It’s the first of May. As another rent day arrives, tenants aren’t the only ones seeking relief from the financial fallout of COVID-19, which has led to widespread job loss in nearly every economic sector, and the highest unemployment rate since the Great Depression. 

Cascadian affordable housing providers that receive funding through the federal Low Income Housing Tax Credit (LIHTC) program, which helps to fund about 90 percent of all new affordable housing in the US, have also been hit hard by the crisis. Nonprofit providers of subsidized housing for low- and moderate-income wage earners report unpaid rent rates of 20 percent or more, a shortfall that has left many struggling to balance their books. 

“Our delinquency rate shot way up, and we are now accepting partial payment for rent and doing some payment plans,” said Sharon Lee, the director of the Low Income Housing Institute, which serves communities throughout the Seattle metro area and in Olympia, Washington. “We’re working with tenants and doing partial payment plans for people who’ve recently become unemployed.” 

In Oregon, about half the tenants in buildings owned by REACH Community Development earn income from wages. Anthony Petchel, REACH’s philanthropy and public relations director, says about 10 percent of their tenants had asked for rent forbearance as of late April, but he expected that number to go up as people continue to weather the economic collapse. “[The issue] is having the cash to manage the cash flow disruption” from missed rents, and “how long can all the organizations manage that,” Petchel says.

Daniel Delfino, the program and planning development director for the Alaska Housing Finance Corporation, said that once the 60-day rent and mortgage freeze ordered by Gov. Mike Dunleavy ends, there are few protections for struggling tenants or for nonprofit housing owners with mortgages to pay. 

Currently, nonprofit landlords are working out arrangements with tenants on a “case by case basis,” he said, but with more than 40,000 Alaskans unemployed, it’s unclear when or whether rent payments will get back to normal. “There are usually reserves that are put in place to handle four to six months of operating expenses and debt payments.
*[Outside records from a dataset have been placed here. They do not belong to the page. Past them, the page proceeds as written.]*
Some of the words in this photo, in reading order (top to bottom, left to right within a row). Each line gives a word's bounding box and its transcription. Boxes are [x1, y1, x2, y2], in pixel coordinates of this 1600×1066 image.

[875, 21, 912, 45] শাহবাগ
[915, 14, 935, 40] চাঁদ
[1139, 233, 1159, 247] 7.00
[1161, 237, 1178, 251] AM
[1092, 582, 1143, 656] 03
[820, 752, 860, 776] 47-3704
Those aren’t set up to handle something like COVID-19, when the economic occupancy”—the percentage of people who pay their rent—”goes down from 93 percent to 40 percent.”
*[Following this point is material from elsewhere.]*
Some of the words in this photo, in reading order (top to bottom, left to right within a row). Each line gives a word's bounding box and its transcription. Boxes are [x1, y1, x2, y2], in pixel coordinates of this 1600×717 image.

Enterprise Community Partners, a national low-income housing advocacy and funding group, estimates that a 10 percent income loss among renters could add up to $238 million per month in losses to groups like these that run LIHTC-funded buildings across the US. That’s based on an average loss of $792 in monthly rent from the three million tenants in LIHTC buildings that Enterprise estimates could miss rent payments if they don’t get assistance.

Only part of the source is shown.